YOUR GOAL:
Line by line, give the data again exactly as it appears.

SOURCE DATA:
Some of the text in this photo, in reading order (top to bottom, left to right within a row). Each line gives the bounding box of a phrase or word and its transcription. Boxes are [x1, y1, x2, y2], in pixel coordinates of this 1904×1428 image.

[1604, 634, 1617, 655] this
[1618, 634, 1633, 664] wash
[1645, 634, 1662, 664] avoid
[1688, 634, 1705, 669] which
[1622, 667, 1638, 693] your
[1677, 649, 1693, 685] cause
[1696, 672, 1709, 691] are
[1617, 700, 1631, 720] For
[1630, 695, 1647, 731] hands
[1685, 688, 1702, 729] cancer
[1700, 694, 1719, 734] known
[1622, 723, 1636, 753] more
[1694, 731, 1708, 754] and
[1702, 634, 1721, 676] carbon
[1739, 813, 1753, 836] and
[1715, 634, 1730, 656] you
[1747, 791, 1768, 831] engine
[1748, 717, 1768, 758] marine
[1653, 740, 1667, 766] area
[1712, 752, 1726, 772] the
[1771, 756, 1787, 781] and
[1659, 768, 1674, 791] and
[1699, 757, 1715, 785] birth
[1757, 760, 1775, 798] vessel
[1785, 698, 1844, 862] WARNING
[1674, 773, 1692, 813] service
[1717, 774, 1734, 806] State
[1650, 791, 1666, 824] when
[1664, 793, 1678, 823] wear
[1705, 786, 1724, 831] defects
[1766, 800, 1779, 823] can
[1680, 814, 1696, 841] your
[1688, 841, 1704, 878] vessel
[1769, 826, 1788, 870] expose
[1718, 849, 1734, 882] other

ANSWER AREA:
Some of the text in this photo, in reading order (top to bottom, left to right within a row). Each line gives the bounding box of a phrase or word and its transcription. Boxes are [x1, y1, x2, y2], in pixel coordinates of this 1904×1428 image.

[1604, 634, 1617, 655] this
[1618, 634, 1633, 664] wash
[1645, 634, 1662, 664] avoid
[1688, 634, 1705, 669] which
[1622, 667, 1638, 693] your
[1677, 649, 1693, 685] cause
[1696, 672, 1709, 691] are
[1617, 700, 1631, 720] For
[1630, 695, 1647, 731] hands
[1685, 688, 1702, 729] cancer
[1700, 694, 1719, 734] known
[1622, 723, 1636, 753] more
[1694, 731, 1708, 754] and
[1702, 634, 1721, 676] carbon
[1739, 813, 1753, 836] and
[1715, 634, 1730, 656] you
[1747, 791, 1768, 831] engine
[1748, 717, 1768, 758] marine
[1653, 740, 1667, 766] area
[1712, 752, 1726, 772] the
[1771, 756, 1787, 781] and
[1659, 768, 1674, 791] and
[1699, 757, 1715, 785] birth
[1757, 760, 1775, 798] vessel
[1785, 698, 1844, 862] WARNING
[1674, 773, 1692, 813] service
[1717, 774, 1734, 806] State
[1650, 791, 1666, 824] when
[1664, 793, 1678, 823] wear
[1705, 786, 1724, 831] defects
[1766, 800, 1779, 823] can
[1680, 814, 1696, 841] your
[1688, 841, 1704, 878] vessel
[1769, 826, 1788, 870] expose
[1718, 849, 1734, 882] other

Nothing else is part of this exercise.